* [Problem description]
Return each record unchanged and drop the images.

━━ The input

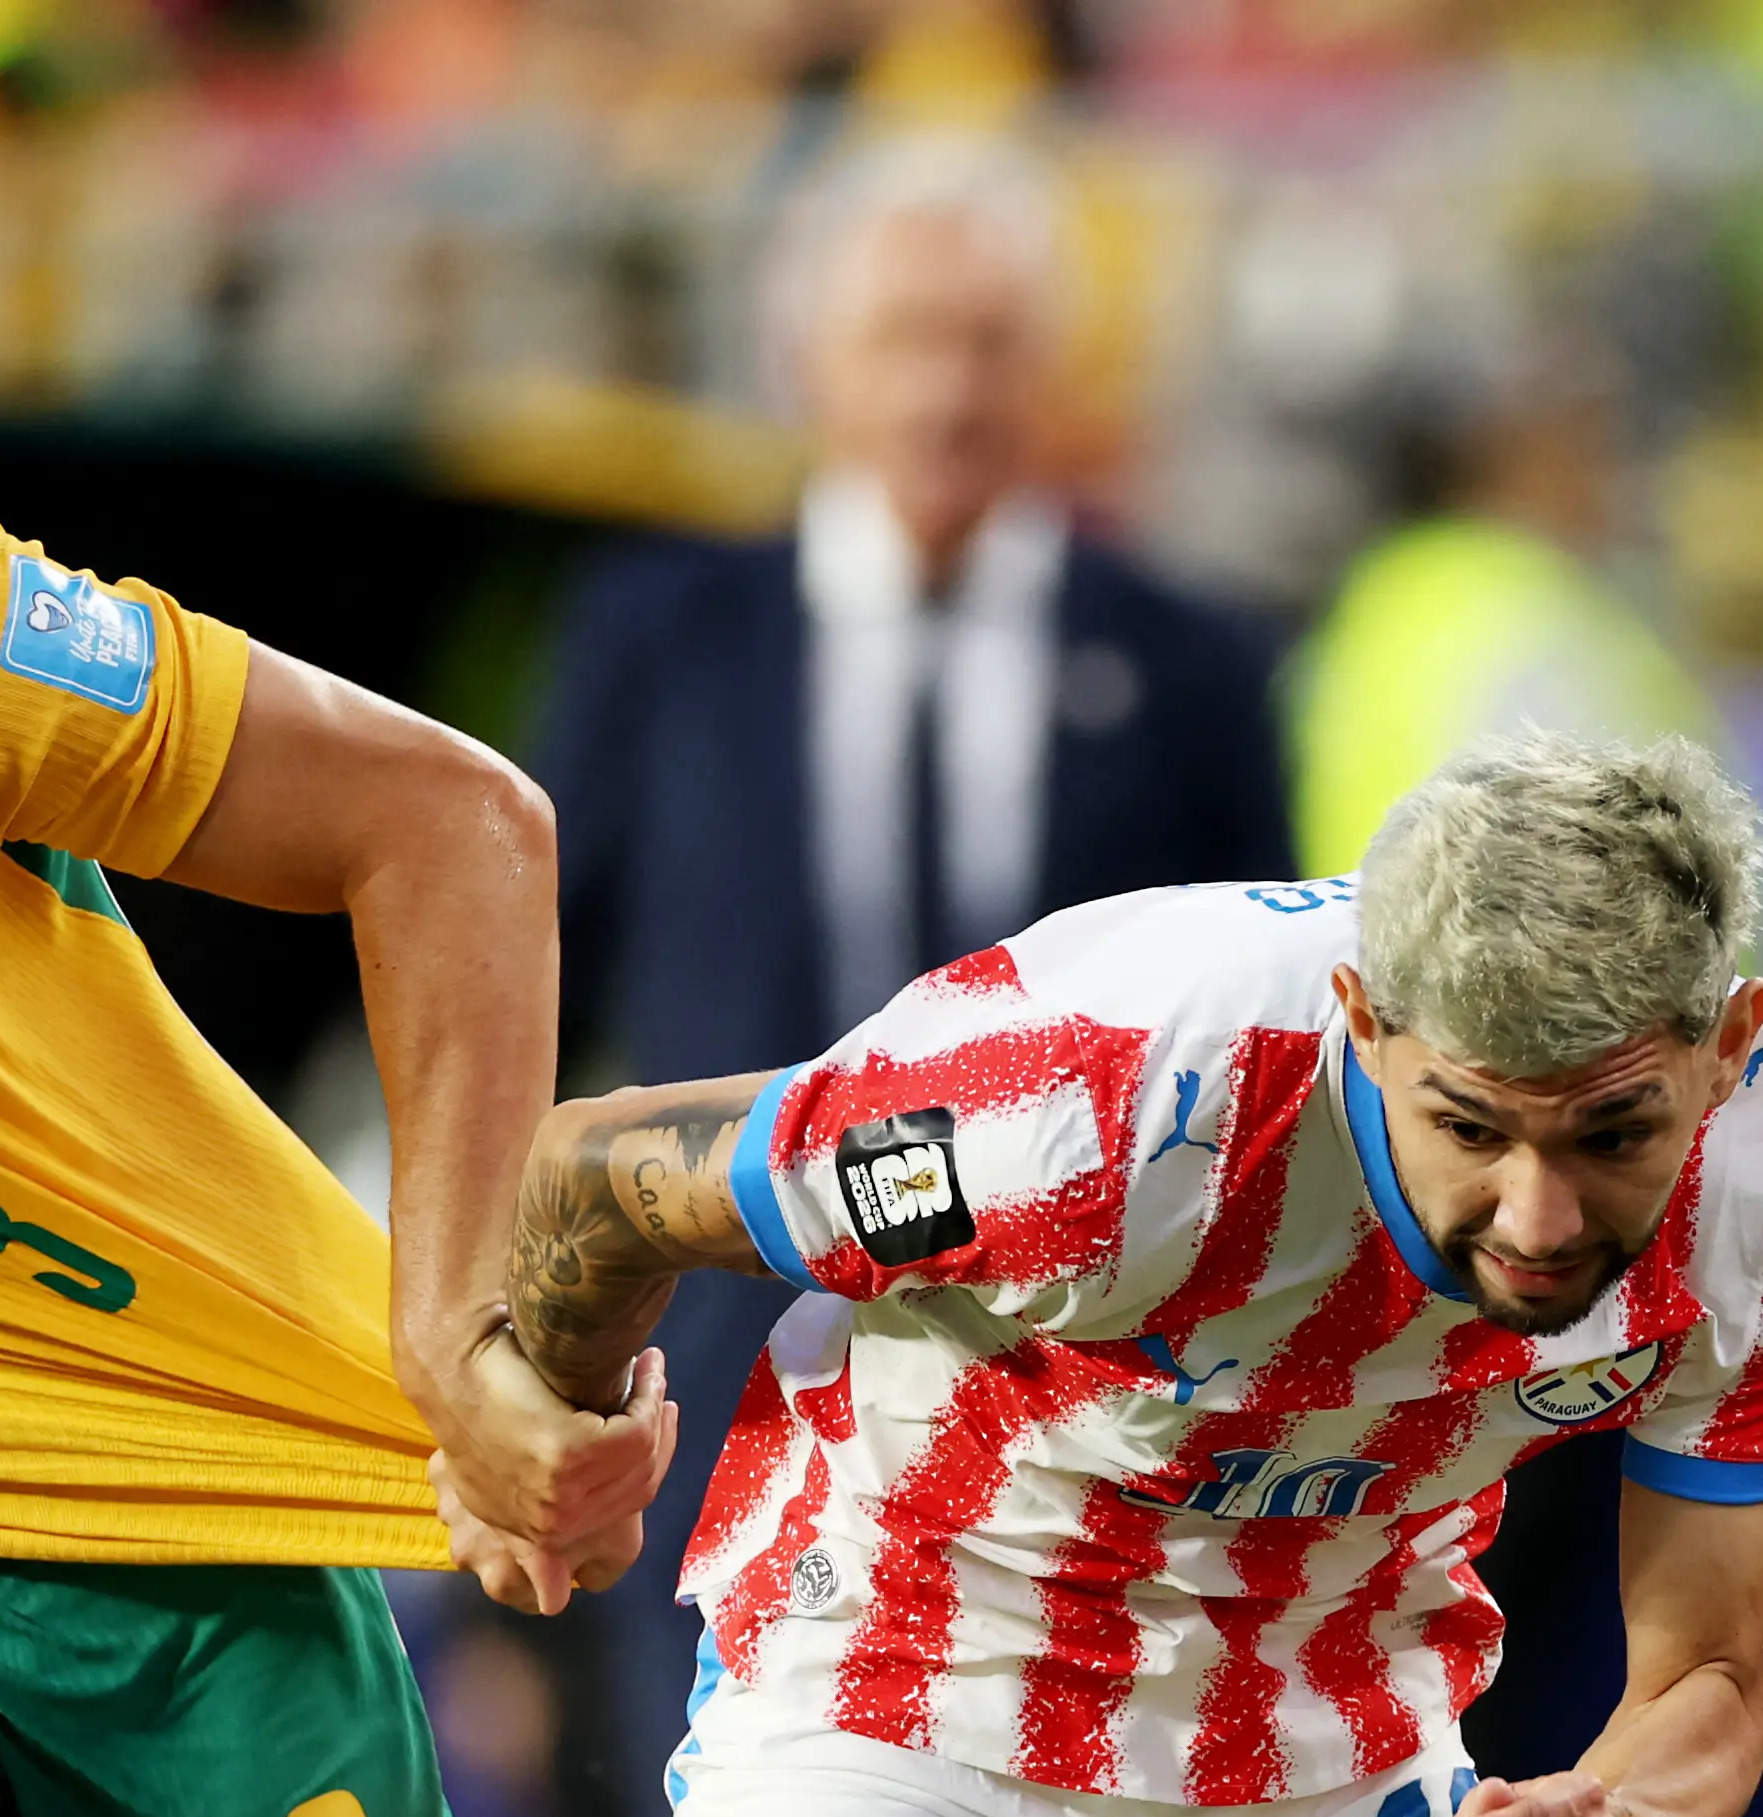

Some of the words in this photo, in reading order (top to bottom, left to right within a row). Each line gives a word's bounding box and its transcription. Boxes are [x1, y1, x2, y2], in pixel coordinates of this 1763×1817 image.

[96, 611, 122, 667] PEAC
[846, 1165, 877, 1234] 2026
[858, 1163, 877, 1206] WORLD
[872, 1206, 885, 1231] CUP
[881, 1177, 896, 1207] FIFA
[1534, 1397, 1597, 1415] PARAGUAY
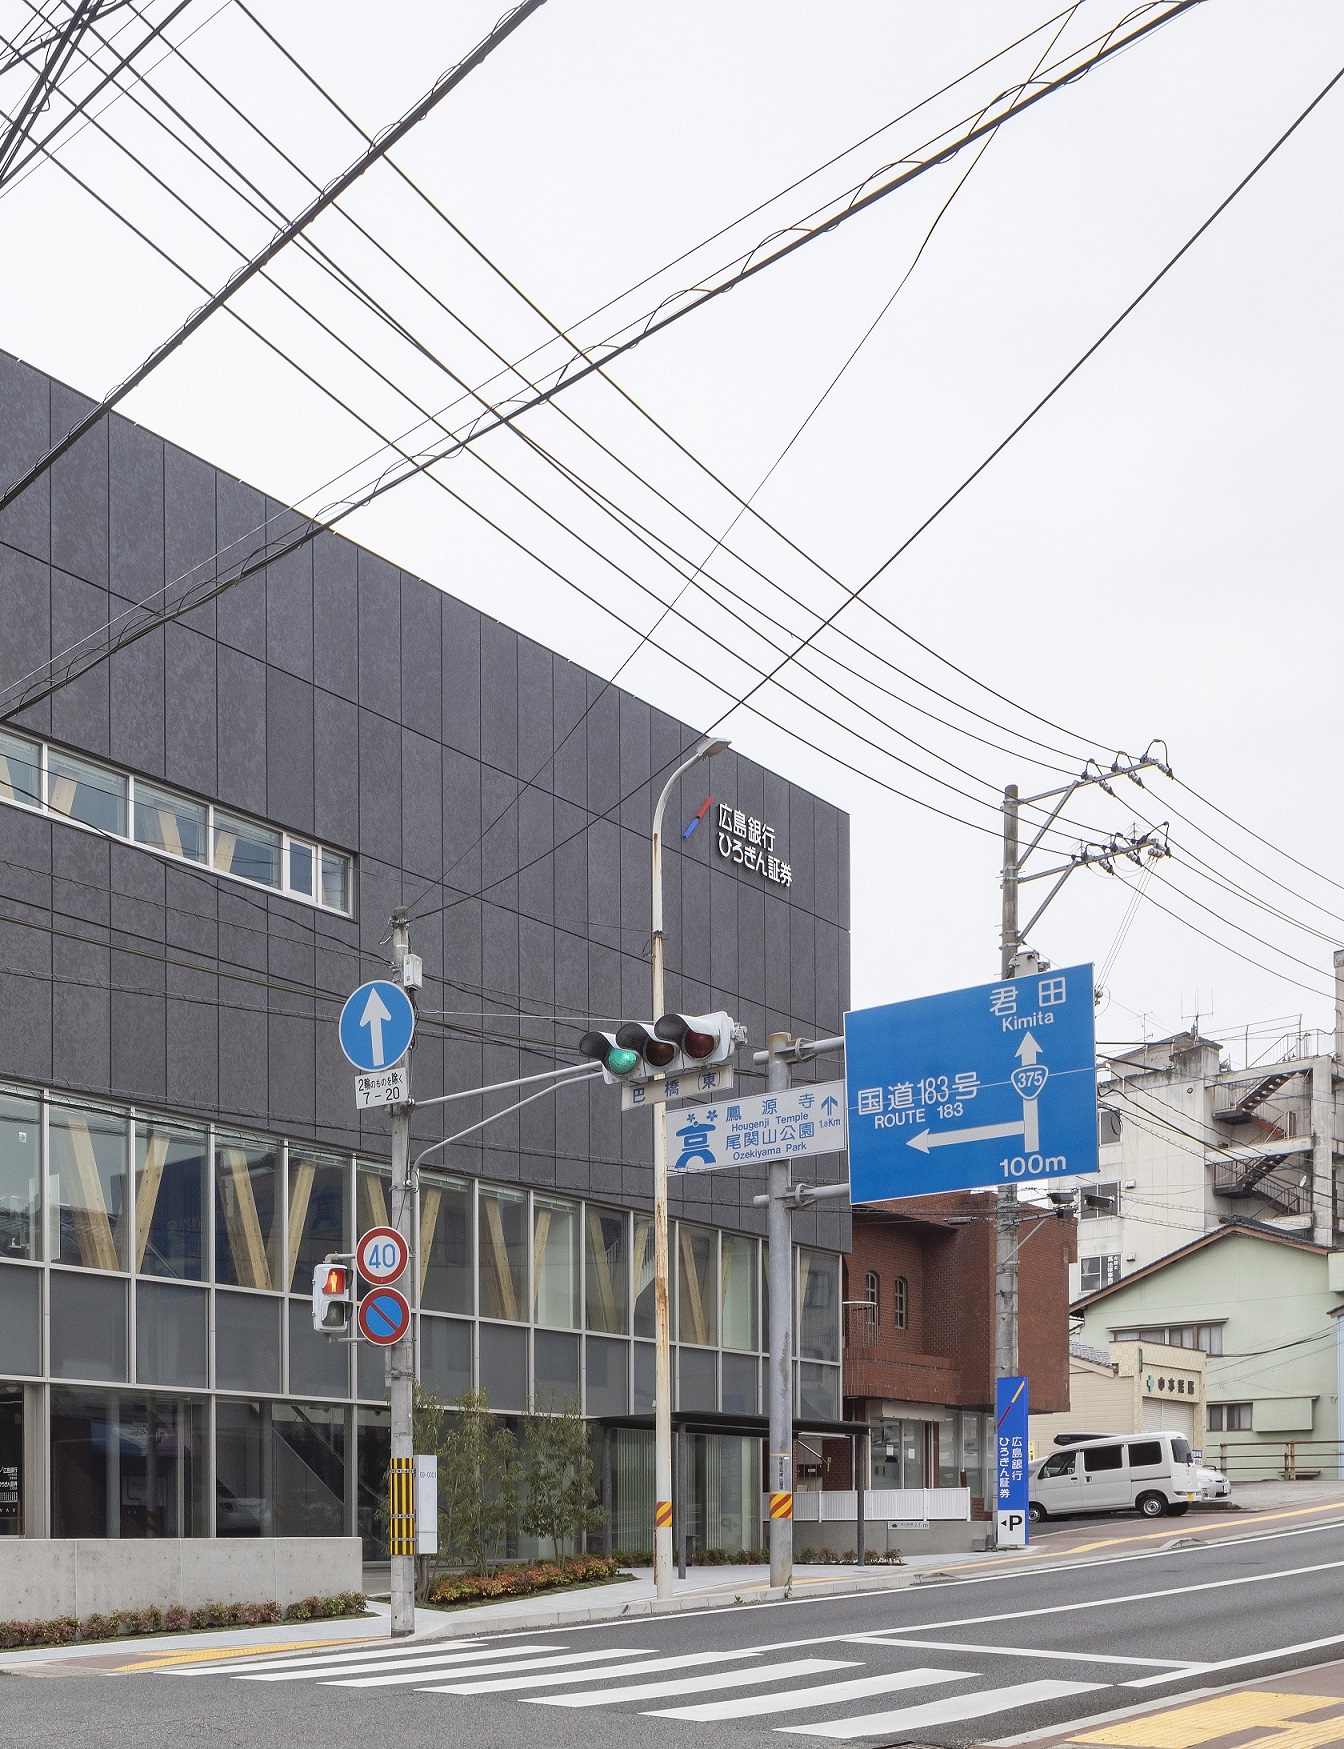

━━━━

* [Answer for the task]
Some of the words in this photo, in reading order (top to bottom, left to right within a row). Each line gives a word's bounding box and its transcription. Boxes are [x1, y1, x2, y2], in pixel coordinates of this 1763×1817 image.

[96, 611, 122, 667] PEAC
[846, 1165, 877, 1234] 2026
[858, 1163, 877, 1206] WORLD
[872, 1206, 885, 1231] CUP
[881, 1177, 896, 1207] FIFA
[1534, 1397, 1597, 1415] PARAGUAY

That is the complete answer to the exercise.